Yeah uh, try moving a server rack without power tools and a hydraulic lift. Heck, try freeing conveyor assemblies or even bearing tracks without a power wrench. I am not sure how you free those bolts by hand; I'm told the inset nuts are a federally mandated safety feature. Power tools: not really optional in the real world.
I don't see how that affects my point; equally, in the real world you don't go punching trees apart with your hands and carve apart entire mountains armed only with a pile of rocks and some sticks.
This seems like such a tiny nitpick: by the time it becomes necessary to move things a lot you have a power wrench and the issue is gone. The only time it matters is early on with a few machines reverting, and the only machines where it's actually bothersome is the hardmode macerator.
With GT as provided in both Ultimate and MindCrack, the electric wrench is gated behind steel production.
If you're going to complain about IC2 realism, why not complain about how absurd the IC2 power grid model is? Not something so trivial that most people forget about it within a week. Finicky machines that can chain-explode is a small price to pay for such an incredibly forgiving power source with such low-tier storage options.
I think you misunderstand: I'm not complaining about whether or not it's realistic. I don't CARE about realistic, except as regards to the fact that people use "realism" to justify decisions that are, themselves, not realistic.
As I'm sure you are aware, MineCraft is not built around simulation or even emulation of reality. It's built around the simulation of a type of reality that does not even start to fall within the limits of logic or realism.
That aside, the modification to MineCraft is another layer on top of the existing layer, dealing with the simulation in an entirely different way. Interaction with realism and logic is often extremely suspended at this point.

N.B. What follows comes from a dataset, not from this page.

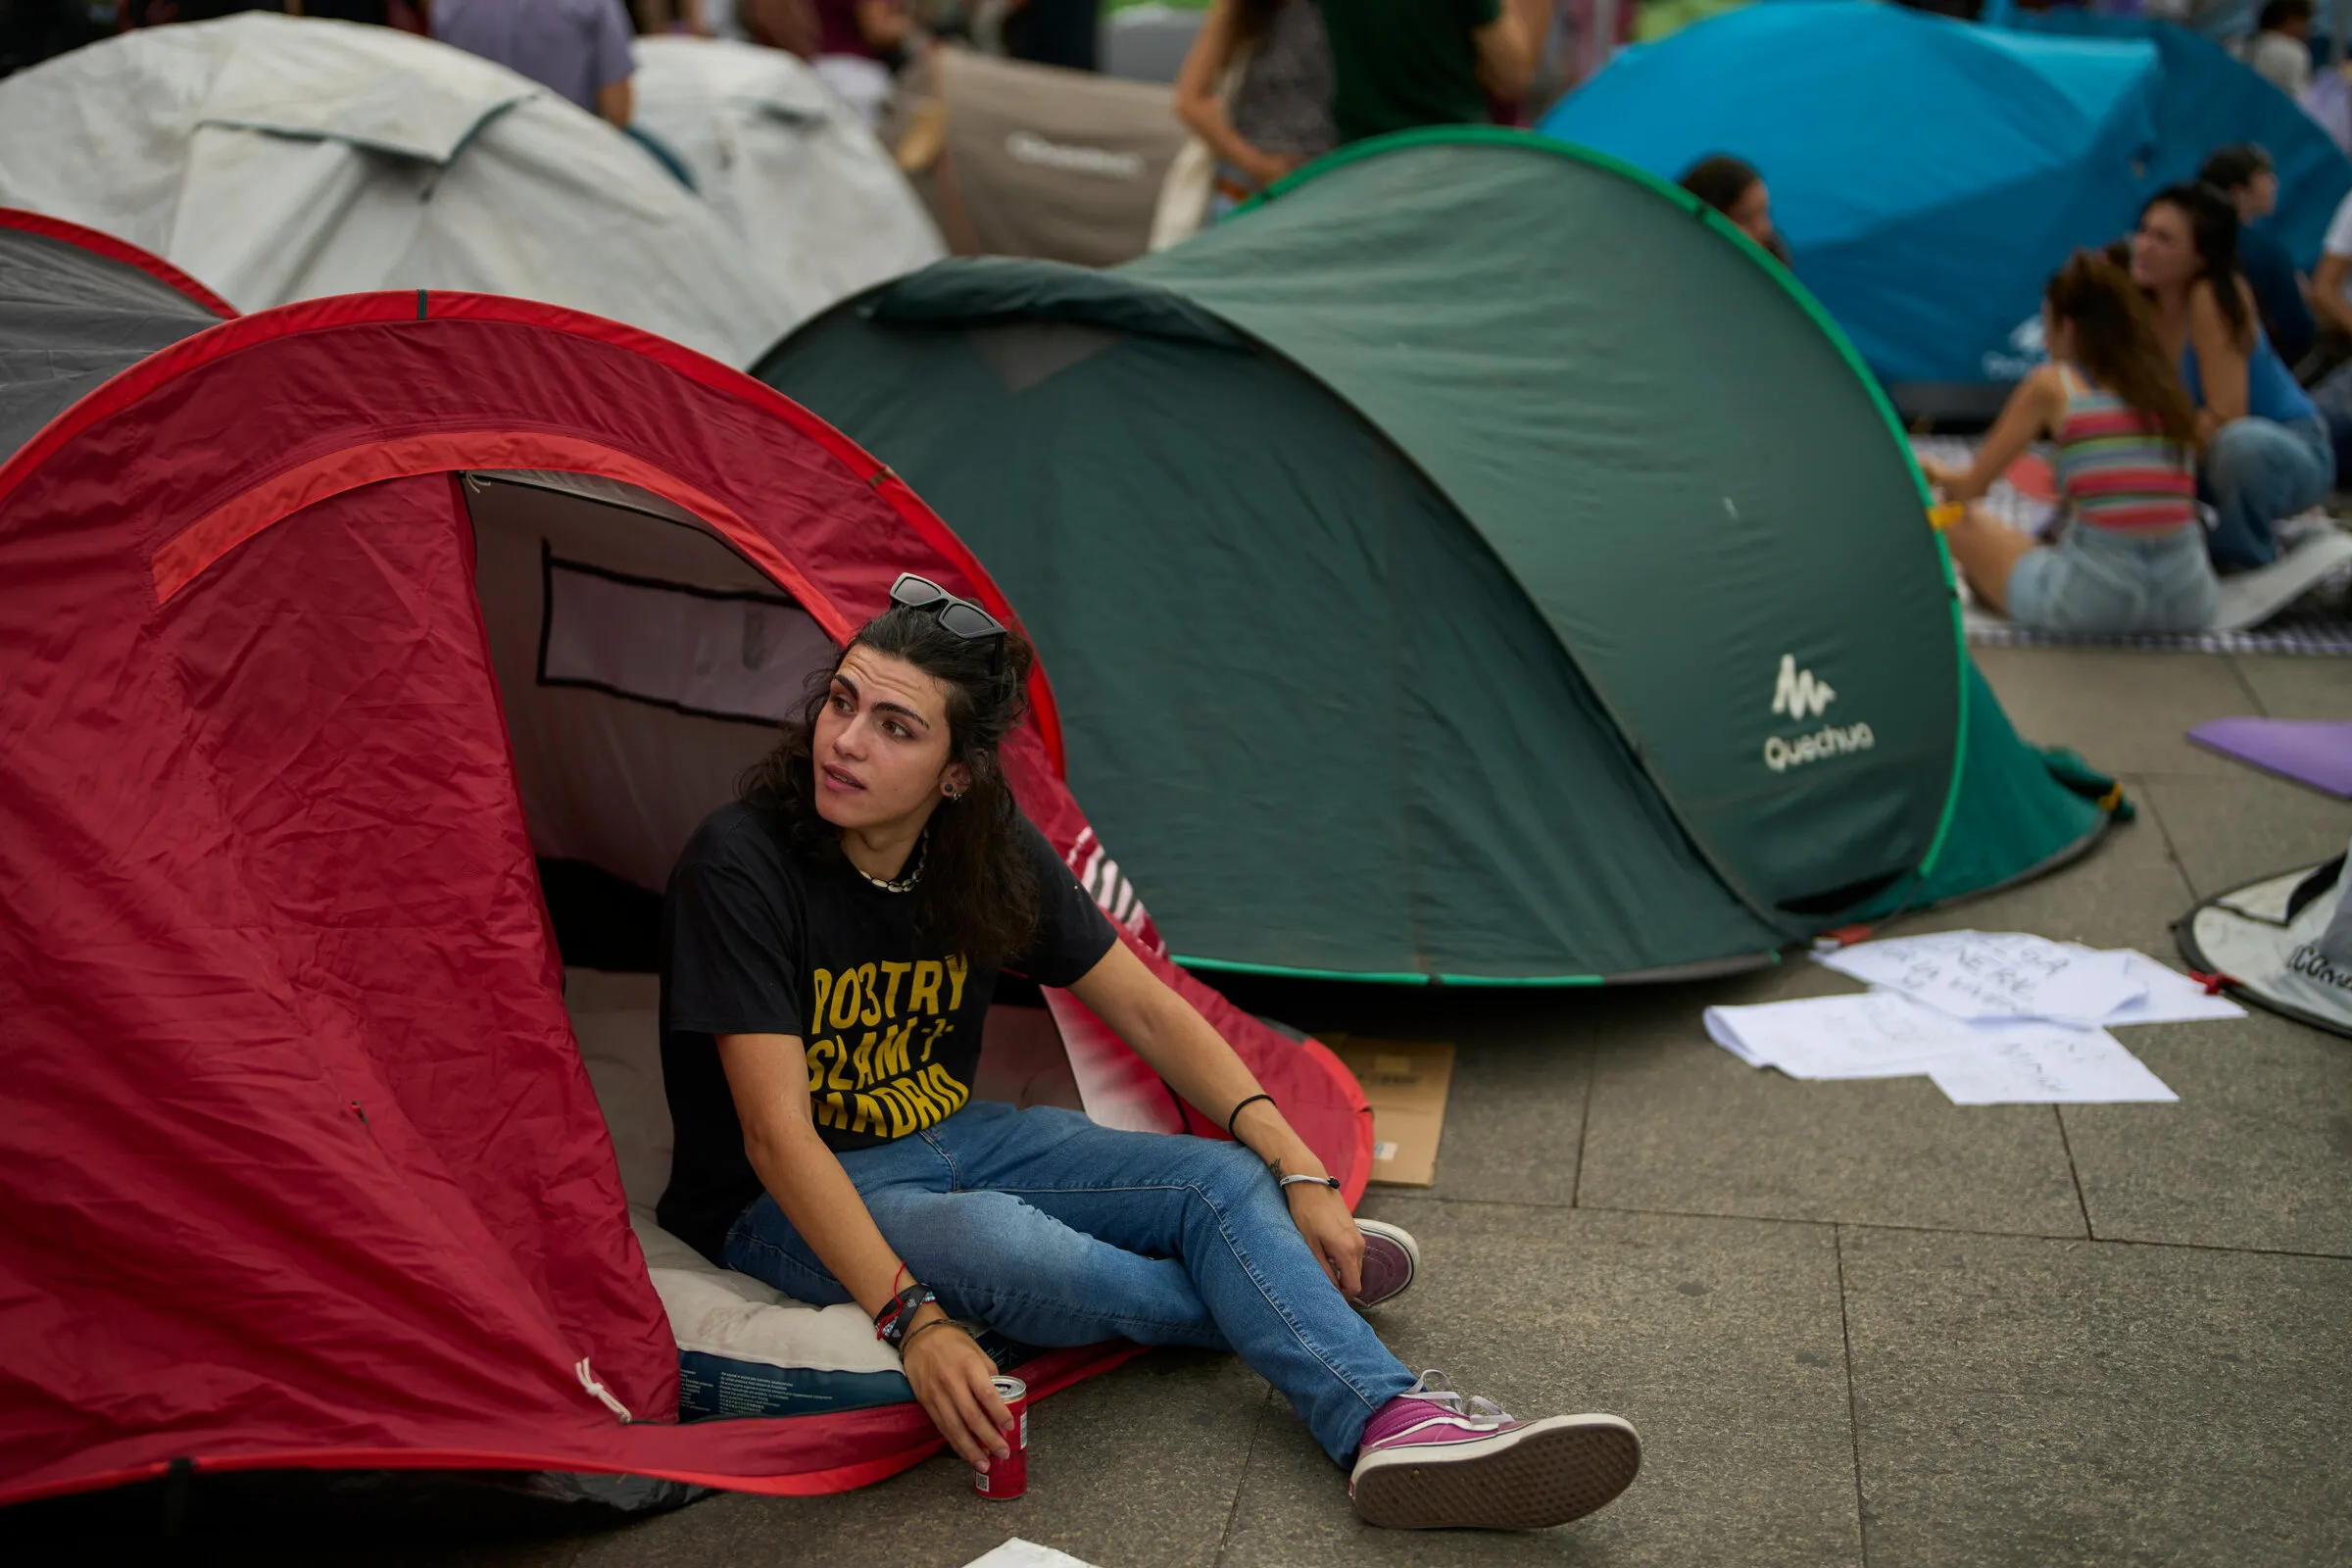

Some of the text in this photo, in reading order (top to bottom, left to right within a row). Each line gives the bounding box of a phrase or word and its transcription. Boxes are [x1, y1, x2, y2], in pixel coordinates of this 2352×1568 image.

As such, your dealings with an offline factory cannot be used as evidence in regards to the functionality of IC2 machines in the MineCraft world. Therefore, it is unreasonable to consider it "fake", "arbitrary" or a "fallacious notion" because the universe being dealt with does not conform to your views.
The above? My exact point. The IC2 devs have claimed that the reason the wrench works the way it does is
for realism because you
don't move machines in a real factory.
And finally, the fact that the electric wrench can perform functions in both non-lossless mode and lossless mode (at the expense of a great deal more power) underlines that the functionality is designed to keep people from moving machines around often (which is the standard action, it appears, for IC2 as no tear downs are required at any time on a properly functioning machine).
The problem is, this system is fairly punishing for early-game mistakes in placement, which is likely if you haven't sat down and plotted out exactly where every machine will need to be in its final configuration.
I don't know about anyone else, but when I'm trying to get basic functionality up, I don't have the same kind of workspace as I do when I'm ready to start doing serious industrial work. Where I place (or can even physically fit) my power systems, where I have my storage (which may have expanded and/or moved since earlier play) in relation to appliances, how the appliances are positioned relative to each other... All of these things change over the course of time, and it's the early steps where you don't have as many resources, and can't get an electric wrench going yet (in the case of GT, it's locked behind steel production) that the destruction of a machine due to that random dice roll is most punitive.
And no, I'm not going to blame GregTech for moving the electric wrench because the basic version should damn well be usable itself.
Anyways, that's why you've got yourself an omniwrench, right?
Yes, but I still feel I shouldn't have to bring in a mod tool in order to get basic functionality that should be available without going up the tech tree.
Also, I believe the chance of losing a machine in non-lossless mode is much greater in regards to the GregTech machines, although I have not tested this myself.
Immaterial, whether it's true or not.